### Try it
The entries must be repeated verbatim, and their images left out.

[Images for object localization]
▽

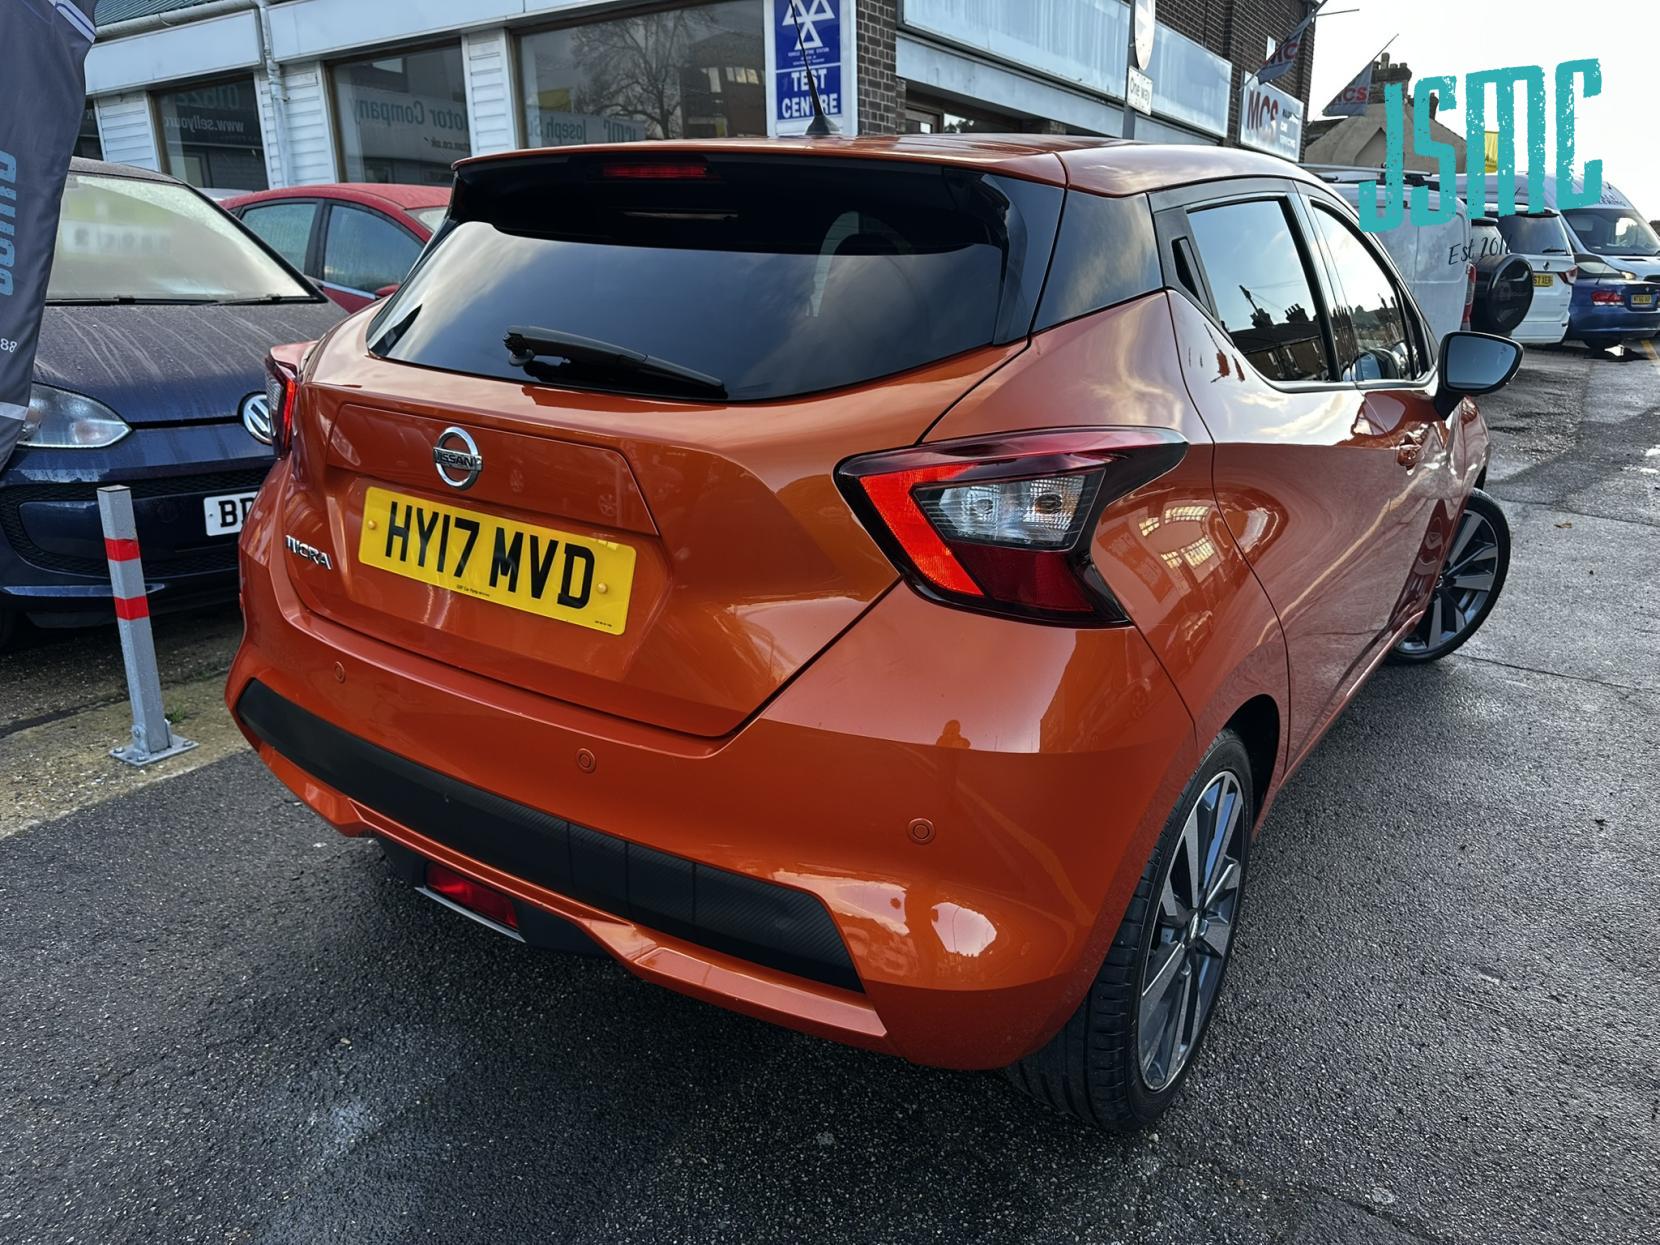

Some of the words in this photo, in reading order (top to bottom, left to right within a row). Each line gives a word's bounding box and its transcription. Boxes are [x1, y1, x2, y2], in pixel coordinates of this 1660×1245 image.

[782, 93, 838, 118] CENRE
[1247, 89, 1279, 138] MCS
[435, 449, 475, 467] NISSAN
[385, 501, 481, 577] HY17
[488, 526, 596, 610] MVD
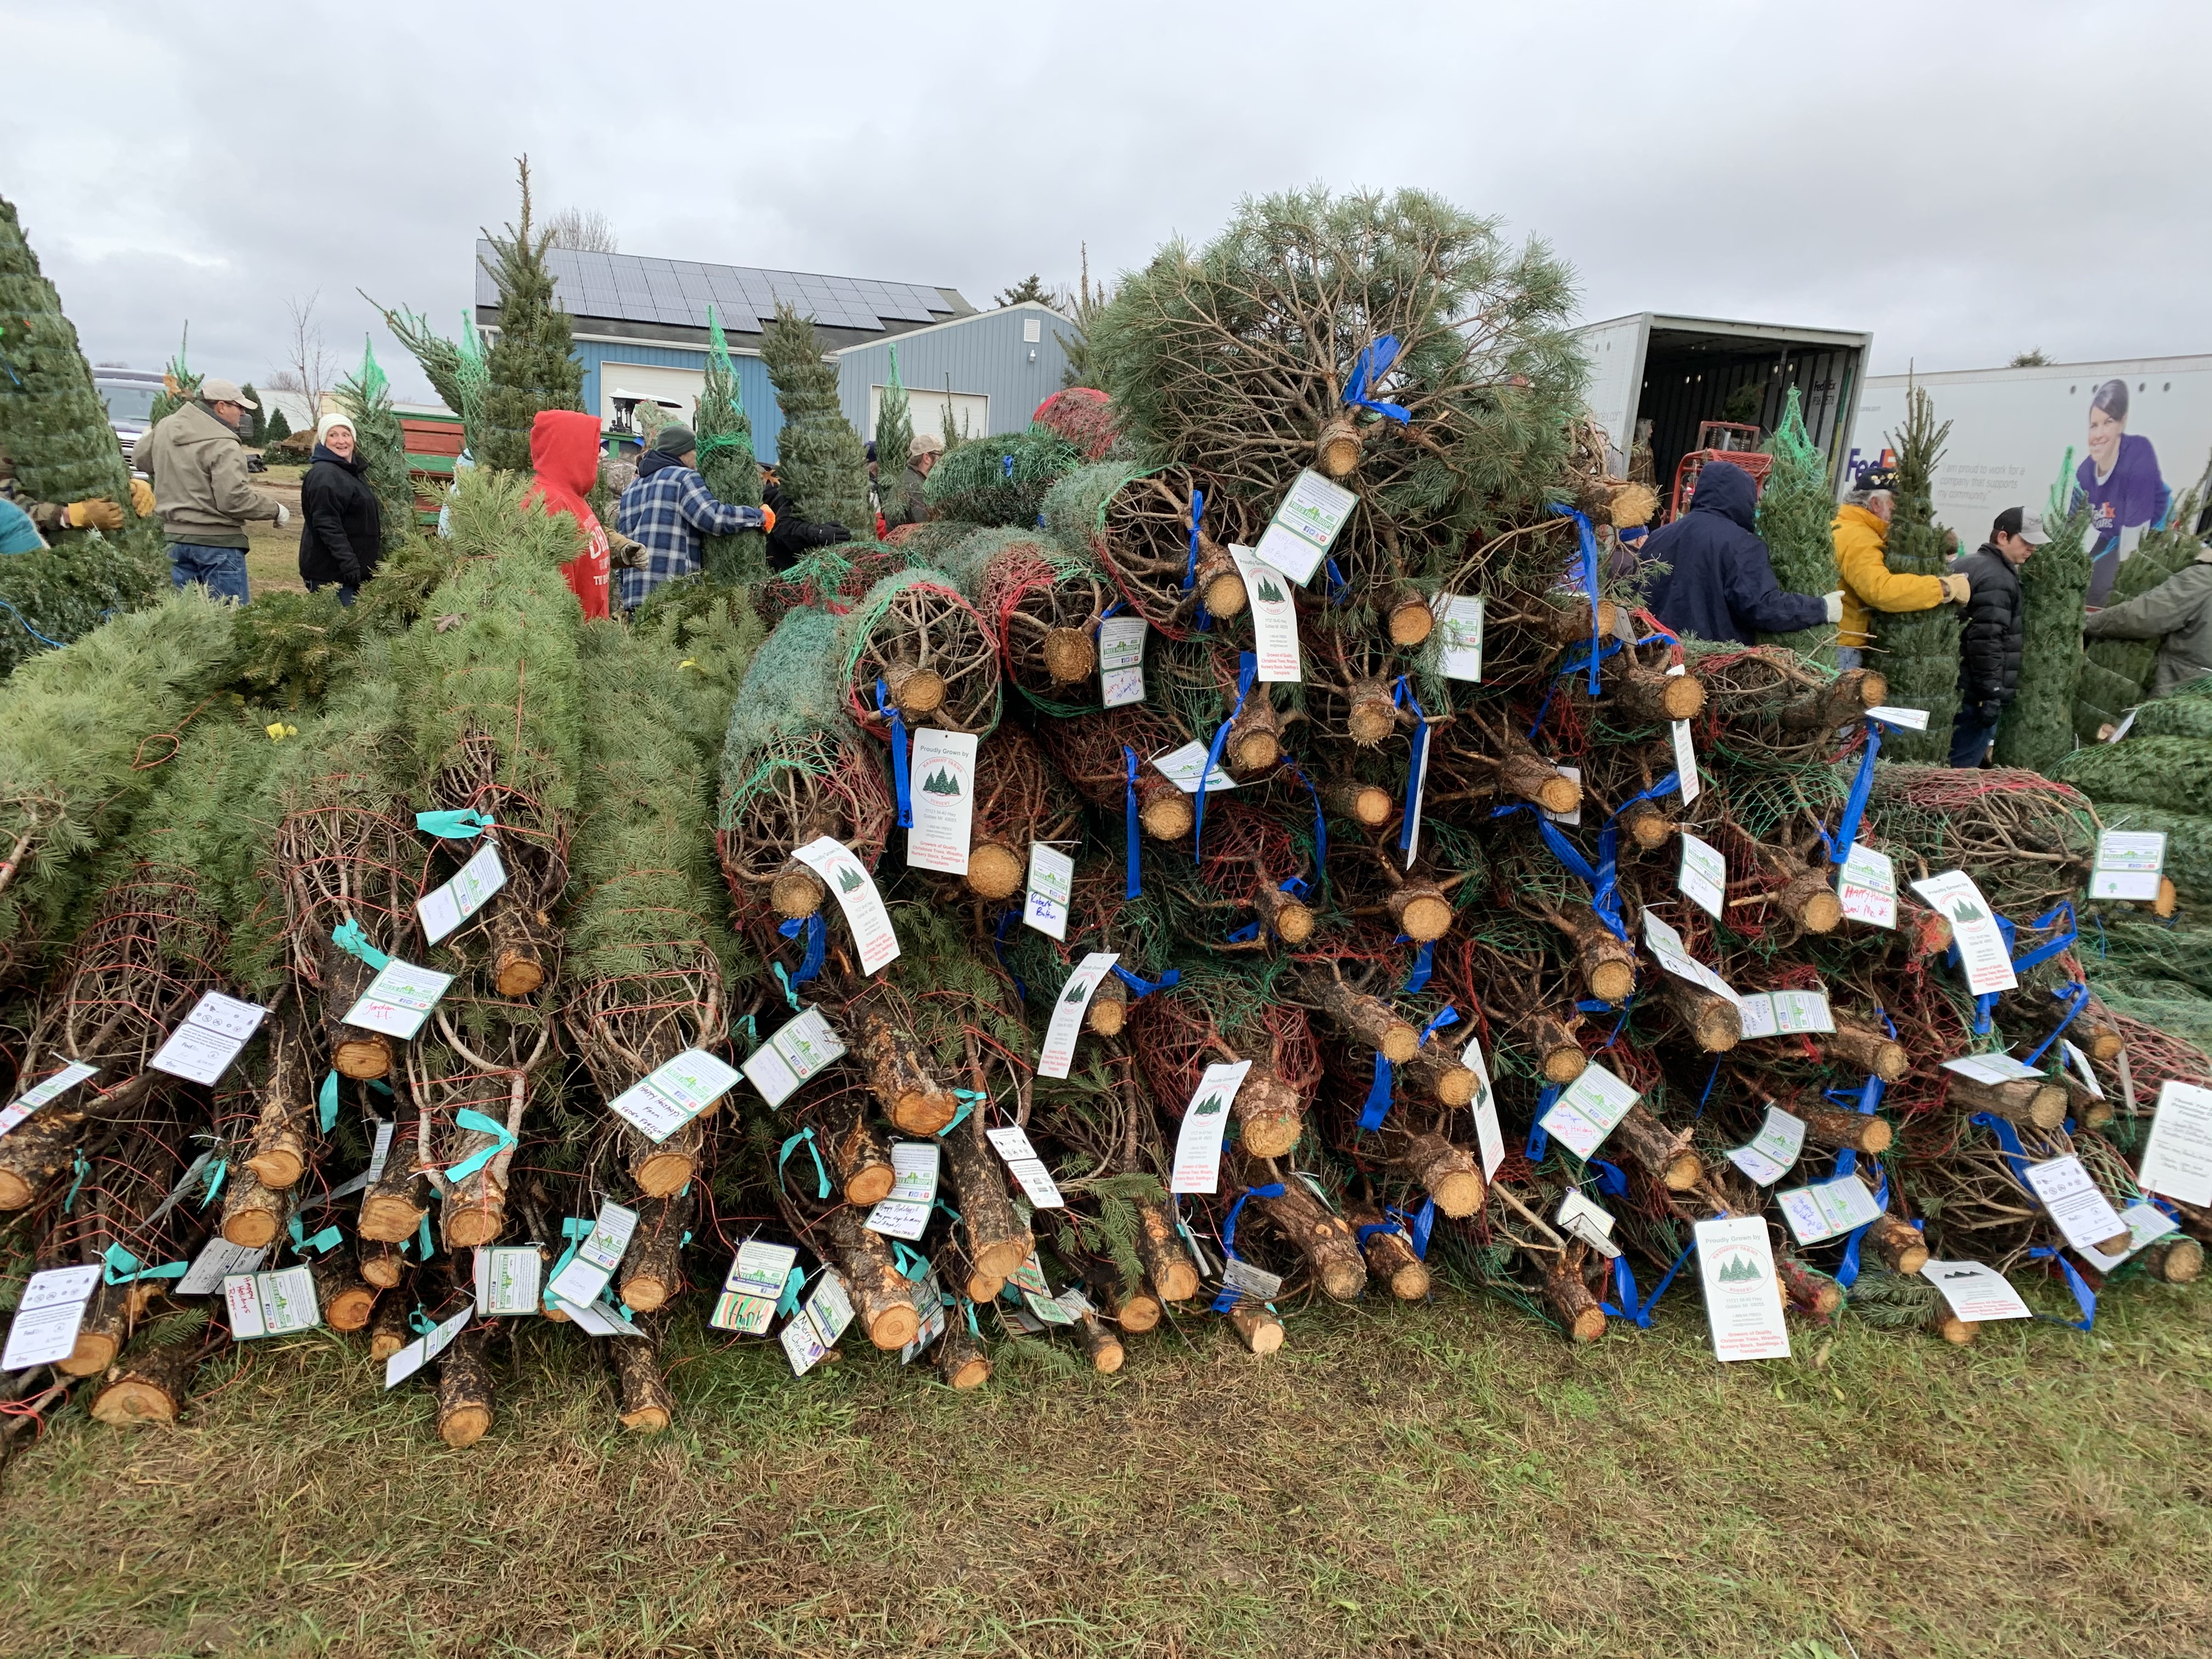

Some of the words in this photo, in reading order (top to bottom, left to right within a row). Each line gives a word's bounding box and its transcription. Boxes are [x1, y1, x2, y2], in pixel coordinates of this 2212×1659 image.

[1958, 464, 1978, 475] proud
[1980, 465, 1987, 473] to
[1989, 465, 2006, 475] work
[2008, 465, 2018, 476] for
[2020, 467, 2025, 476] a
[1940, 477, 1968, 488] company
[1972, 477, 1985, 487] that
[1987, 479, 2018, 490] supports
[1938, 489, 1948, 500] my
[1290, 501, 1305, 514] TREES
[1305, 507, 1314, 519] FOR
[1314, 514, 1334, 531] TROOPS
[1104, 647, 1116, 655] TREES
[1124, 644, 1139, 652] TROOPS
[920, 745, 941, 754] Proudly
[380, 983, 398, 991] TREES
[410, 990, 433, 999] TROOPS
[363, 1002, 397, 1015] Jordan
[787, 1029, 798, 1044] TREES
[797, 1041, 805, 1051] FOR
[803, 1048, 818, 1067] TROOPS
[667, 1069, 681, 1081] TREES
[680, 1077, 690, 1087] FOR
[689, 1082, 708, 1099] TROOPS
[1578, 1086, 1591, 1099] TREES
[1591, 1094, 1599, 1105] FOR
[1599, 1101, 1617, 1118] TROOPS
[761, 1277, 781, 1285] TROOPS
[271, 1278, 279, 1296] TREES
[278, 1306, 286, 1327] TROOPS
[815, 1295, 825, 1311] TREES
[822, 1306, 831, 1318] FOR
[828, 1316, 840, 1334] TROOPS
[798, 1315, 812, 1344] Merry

△

### Exercise answer
Some of the words in this photo, in reading order (top to bottom, left to right within a row). Each line gives a word's bounding box and its transcription. Boxes are [x1, y1, x2, y2], in pixel coordinates of this 1660×1245 image.

[782, 93, 838, 118] CENRE
[1247, 89, 1279, 138] MCS
[435, 449, 475, 467] NISSAN
[385, 501, 481, 577] HY17
[488, 526, 596, 610] MVD

Some of the words in this photo, in reading order (top to bottom, left to right within a row). Each line gives a word's bounding box and its transcription. Boxes are [x1, y1, x2, y2], in pixel coordinates of this 2212×1659 image.

[1958, 464, 1978, 475] proud
[1980, 465, 1987, 473] to
[1989, 465, 2006, 475] work
[2008, 465, 2018, 476] for
[2020, 467, 2025, 476] a
[1940, 477, 1968, 488] company
[1972, 477, 1985, 487] that
[1987, 479, 2018, 490] supports
[1938, 489, 1948, 500] my
[1290, 501, 1305, 514] TREES
[1305, 507, 1314, 519] FOR
[1314, 514, 1334, 531] TROOPS
[1104, 647, 1116, 655] TREES
[1124, 644, 1139, 652] TROOPS
[920, 745, 941, 754] Proudly
[380, 983, 398, 991] TREES
[410, 990, 433, 999] TROOPS
[363, 1002, 397, 1015] Jordan
[787, 1029, 798, 1044] TREES
[797, 1041, 805, 1051] FOR
[803, 1048, 818, 1067] TROOPS
[667, 1069, 681, 1081] TREES
[680, 1077, 690, 1087] FOR
[689, 1082, 708, 1099] TROOPS
[1578, 1086, 1591, 1099] TREES
[1591, 1094, 1599, 1105] FOR
[1599, 1101, 1617, 1118] TROOPS
[761, 1277, 781, 1285] TROOPS
[271, 1278, 279, 1296] TREES
[278, 1306, 286, 1327] TROOPS
[815, 1295, 825, 1311] TREES
[822, 1306, 831, 1318] FOR
[828, 1316, 840, 1334] TROOPS
[798, 1315, 812, 1344] Merry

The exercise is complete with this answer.